> _Listed entries_:
####

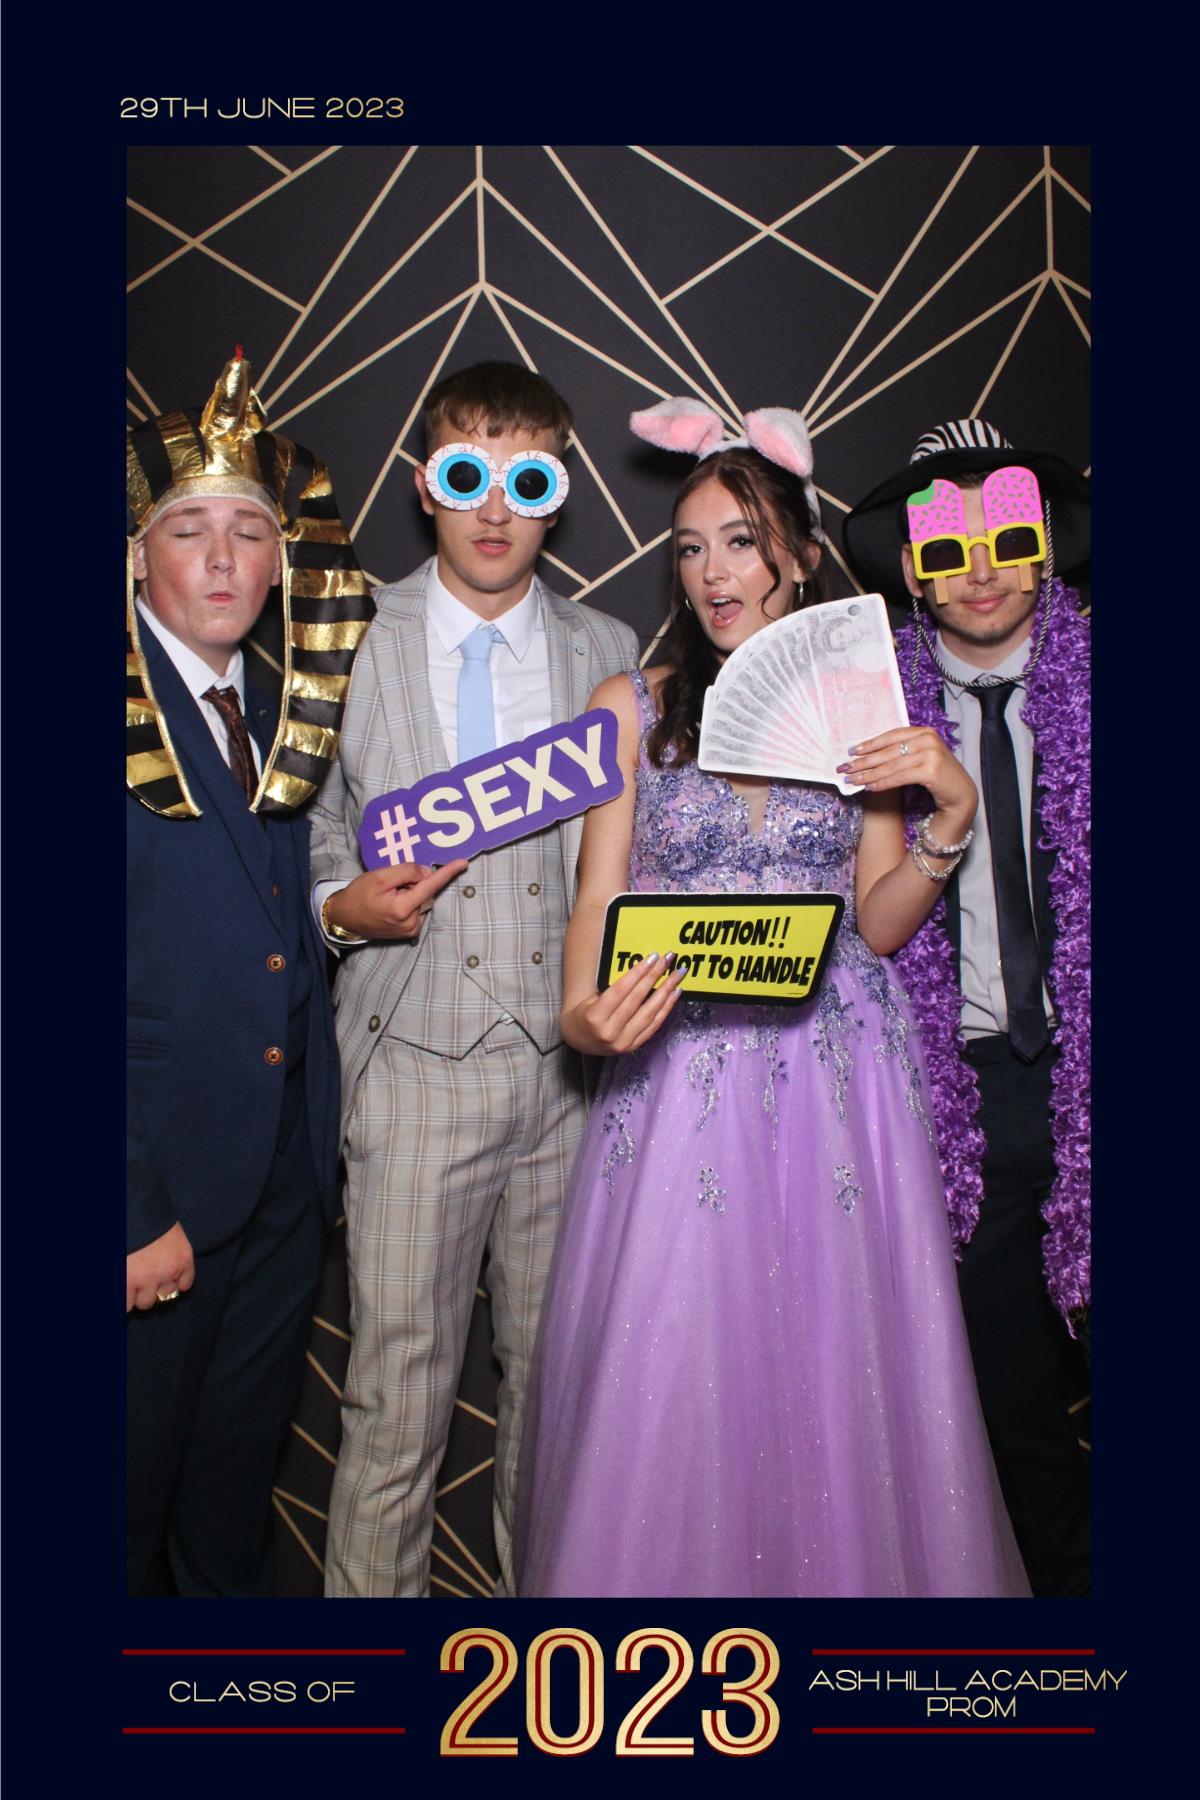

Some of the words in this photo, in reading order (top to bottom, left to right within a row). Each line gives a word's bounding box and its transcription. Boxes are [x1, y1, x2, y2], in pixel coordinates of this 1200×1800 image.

[374, 723, 609, 867] #SEXY
[679, 917, 791, 949] CAUTION!!
[617, 951, 652, 973] TO
[708, 955, 734, 980] TO
[735, 955, 816, 986] HANDLE
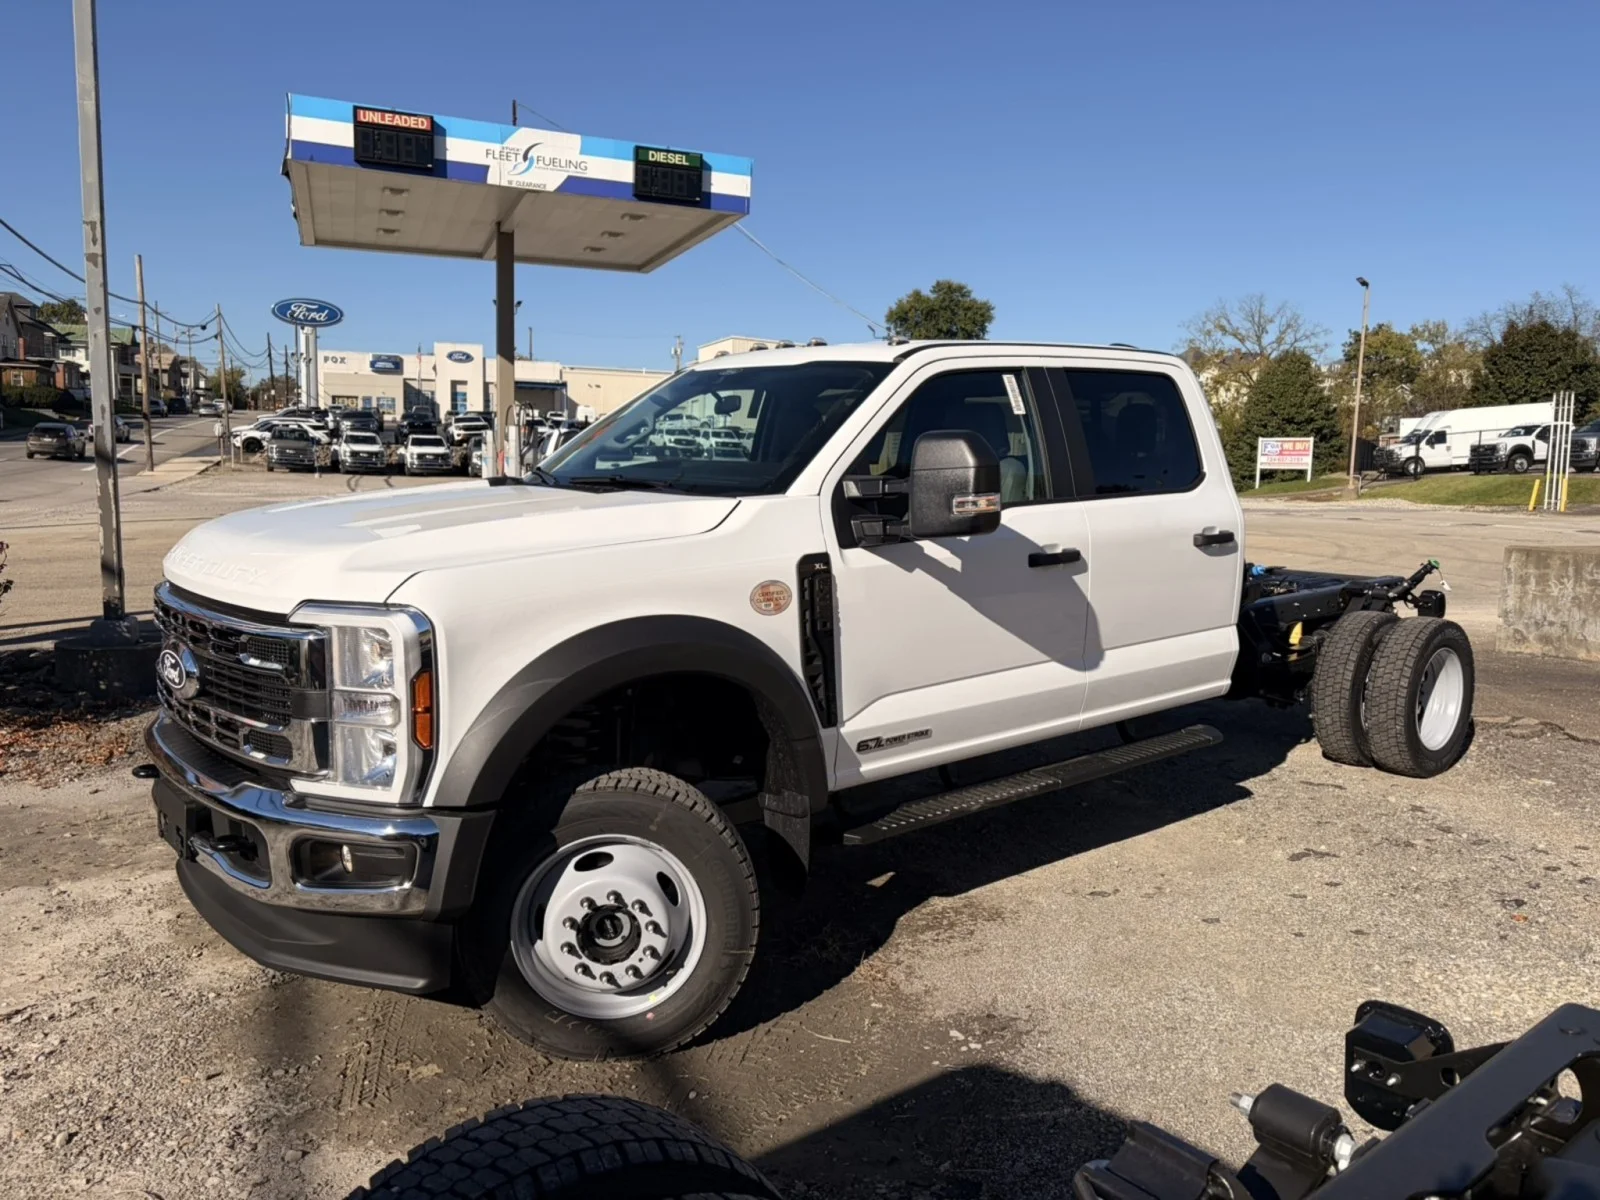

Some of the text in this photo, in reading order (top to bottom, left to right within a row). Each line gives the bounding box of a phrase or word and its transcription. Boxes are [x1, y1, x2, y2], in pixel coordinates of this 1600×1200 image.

[360, 110, 427, 129] UNLEADED
[485, 148, 521, 162] FLEET
[536, 155, 588, 171] FUELING
[648, 150, 690, 166] DIESEL
[515, 181, 546, 189] CLEARANCE
[287, 302, 329, 321] Ford
[323, 355, 347, 365] FOX
[451, 352, 468, 361] Ford
[164, 653, 180, 684] Ford
[856, 736, 884, 752] 6.7L
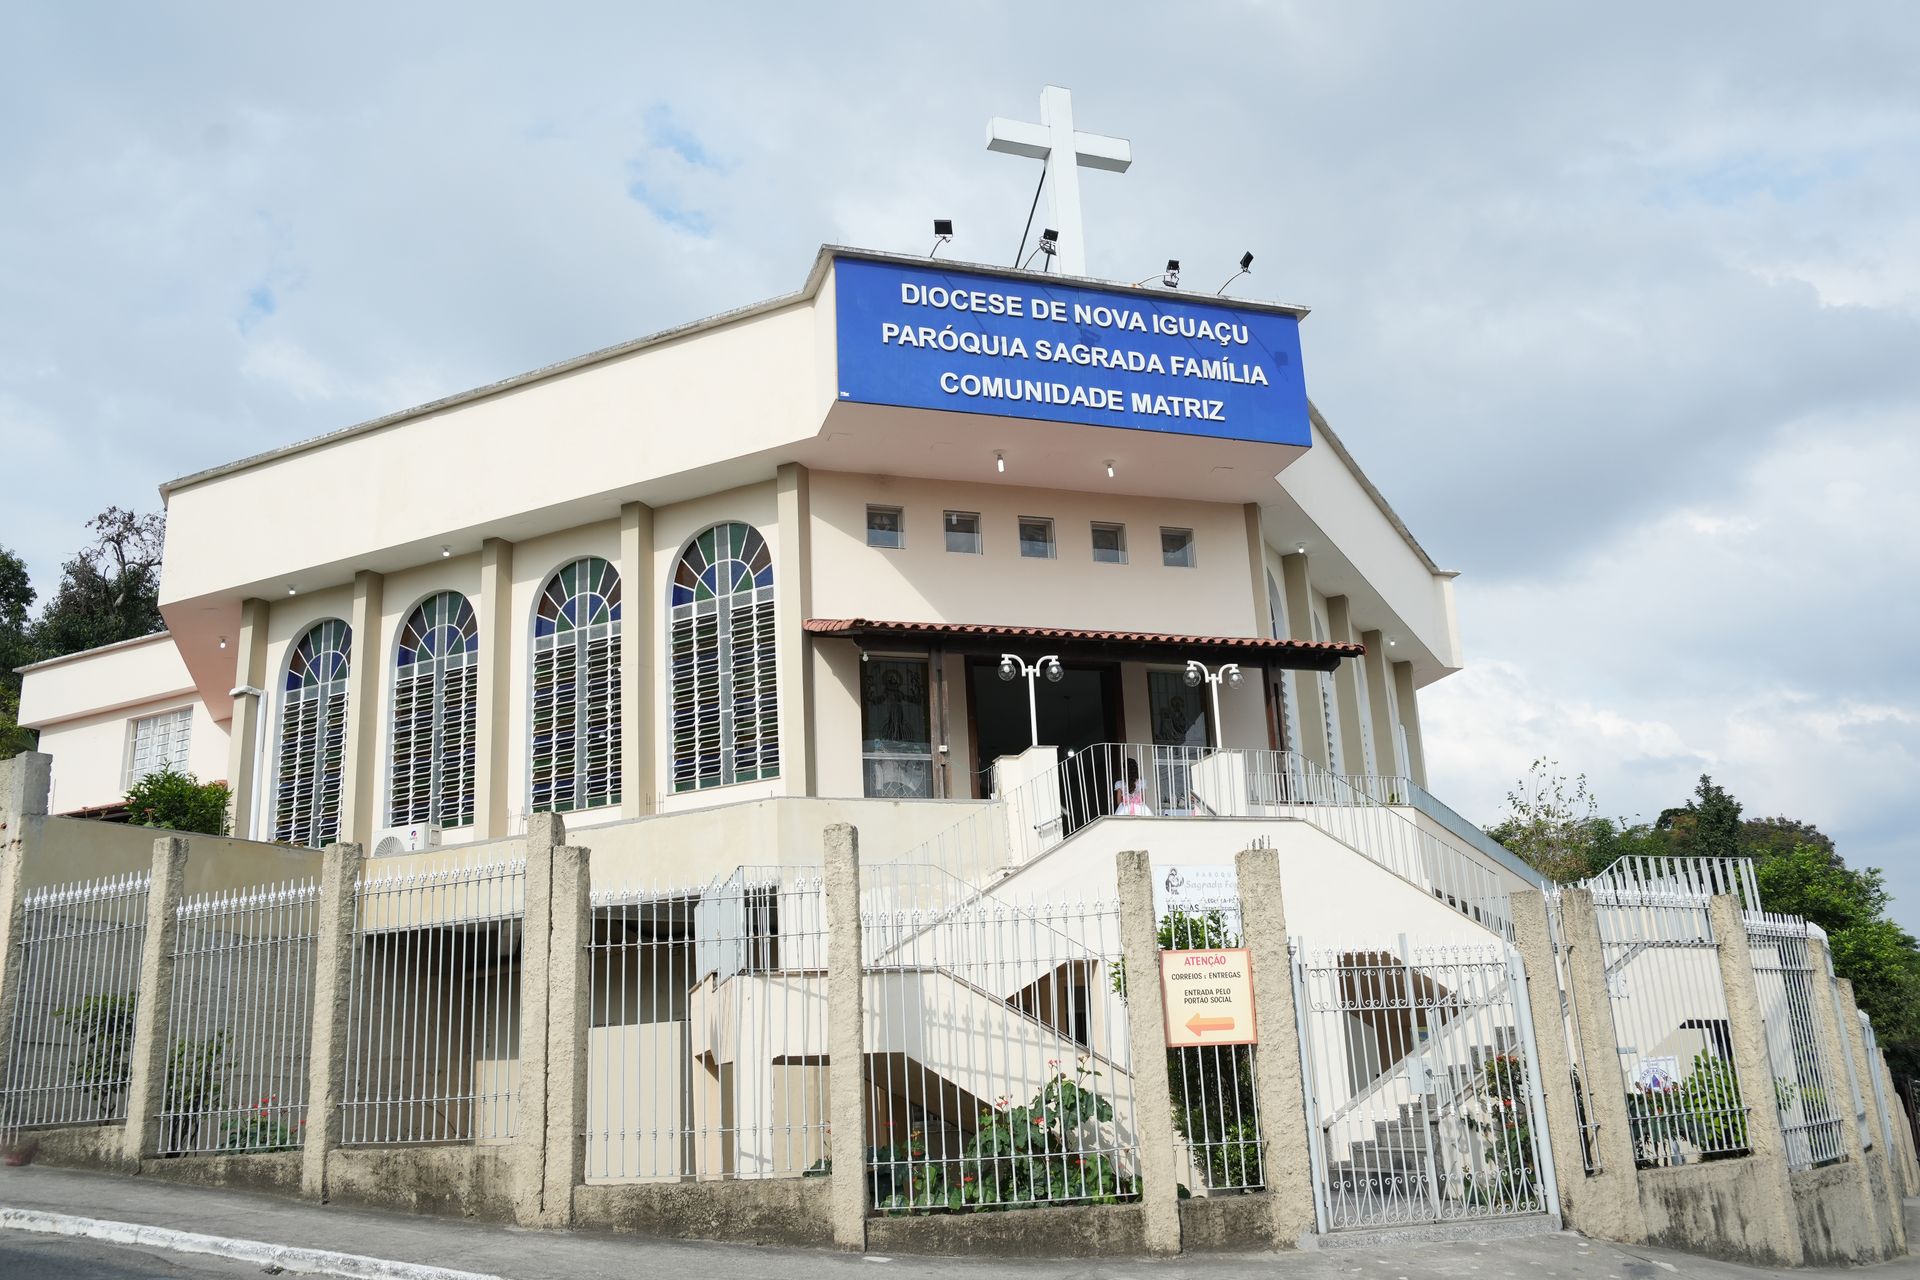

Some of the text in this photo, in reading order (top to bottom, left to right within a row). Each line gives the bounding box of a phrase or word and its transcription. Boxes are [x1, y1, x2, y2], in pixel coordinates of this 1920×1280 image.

[901, 283, 1249, 345] DIOCESE DE NOVA IGUAÇU
[882, 323, 1269, 385] PARÓQUIA SAGRADA FAMÍLIA
[940, 372, 1226, 421] COMUNIDADE MATRIZ
[1184, 954, 1226, 967] ATENÇÃO
[1208, 971, 1241, 979] ENTREGAS
[1184, 995, 1209, 1004] PORTÃO
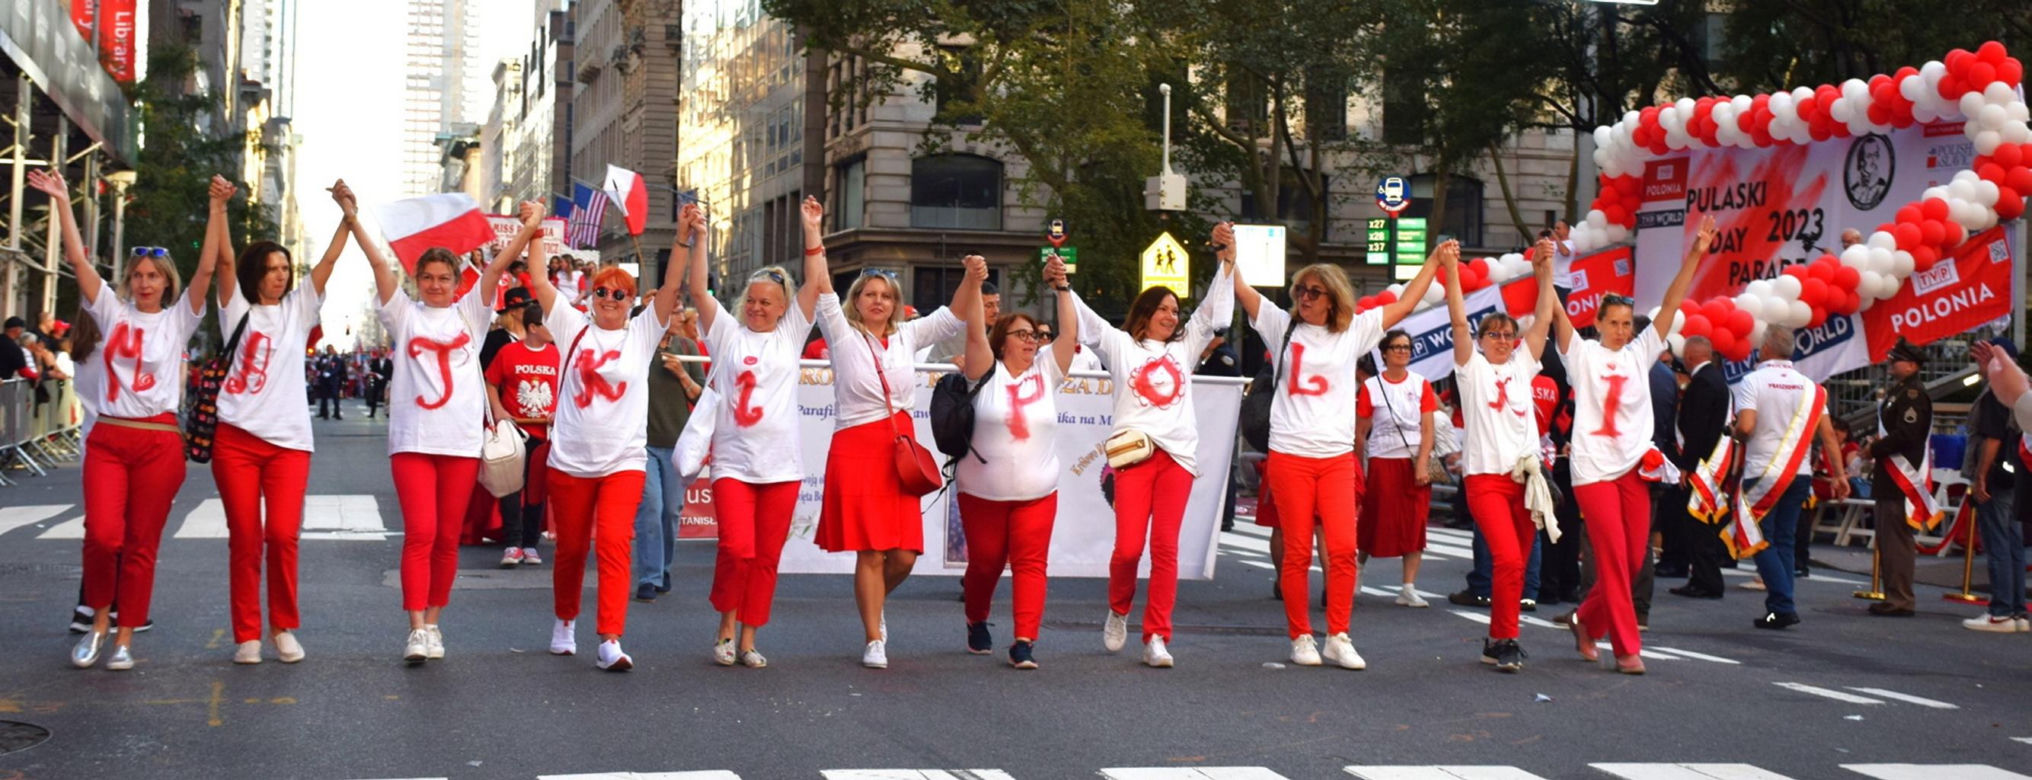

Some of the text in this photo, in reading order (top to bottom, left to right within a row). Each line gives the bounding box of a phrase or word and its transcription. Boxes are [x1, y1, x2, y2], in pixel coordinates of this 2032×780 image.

####

> _Directions_:
The copy must match the listing above exactly but contain no pictures.

> _Response to this exercise_:
Some of the words in this photo, in reading order (top to bottom, left to right within a row). Each line gives a word's bounding box and its transcription. Boxes are [x1, y1, x2, y2], in pixel coordinates of this 1200×1800 image.

[374, 723, 609, 867] #SEXY
[679, 917, 791, 949] CAUTION!!
[617, 951, 652, 973] TO
[708, 955, 734, 980] TO
[735, 955, 816, 986] HANDLE

Some of the text in this photo, in reading order (top to bottom, left to right within a row). Each line gives the bounding box of a phrase or word and its transcription. Boxes are [x1, y1, x2, y2], in pixel coordinates of this 1600×1200 image.

[360, 110, 427, 129] UNLEADED
[485, 148, 521, 162] FLEET
[536, 155, 588, 171] FUELING
[648, 150, 690, 166] DIESEL
[515, 181, 546, 189] CLEARANCE
[287, 302, 329, 321] Ford
[323, 355, 347, 365] FOX
[451, 352, 468, 361] Ford
[164, 653, 180, 684] Ford
[856, 736, 884, 752] 6.7L

Some of the text in this photo, in reading order (top to bottom, left to right within a row). Each line gives the bounding box of a phrase or word and its transcription. Boxes are [x1, y1, x2, y2], in pixel coordinates of this 1920×1280 image.

[901, 283, 1249, 345] DIOCESE DE NOVA IGUAÇU
[882, 323, 1269, 385] PARÓQUIA SAGRADA FAMÍLIA
[940, 372, 1226, 421] COMUNIDADE MATRIZ
[1184, 954, 1226, 967] ATENÇÃO
[1208, 971, 1241, 979] ENTREGAS
[1184, 995, 1209, 1004] PORTÃO

Some of the text in this photo, in reading order (top to bottom, left to right within a row). Each line gives the bounding box of a phrase or word and its transcription. Boxes are [x1, y1, x2, y2], in pixel coordinates of this 2032×780 image.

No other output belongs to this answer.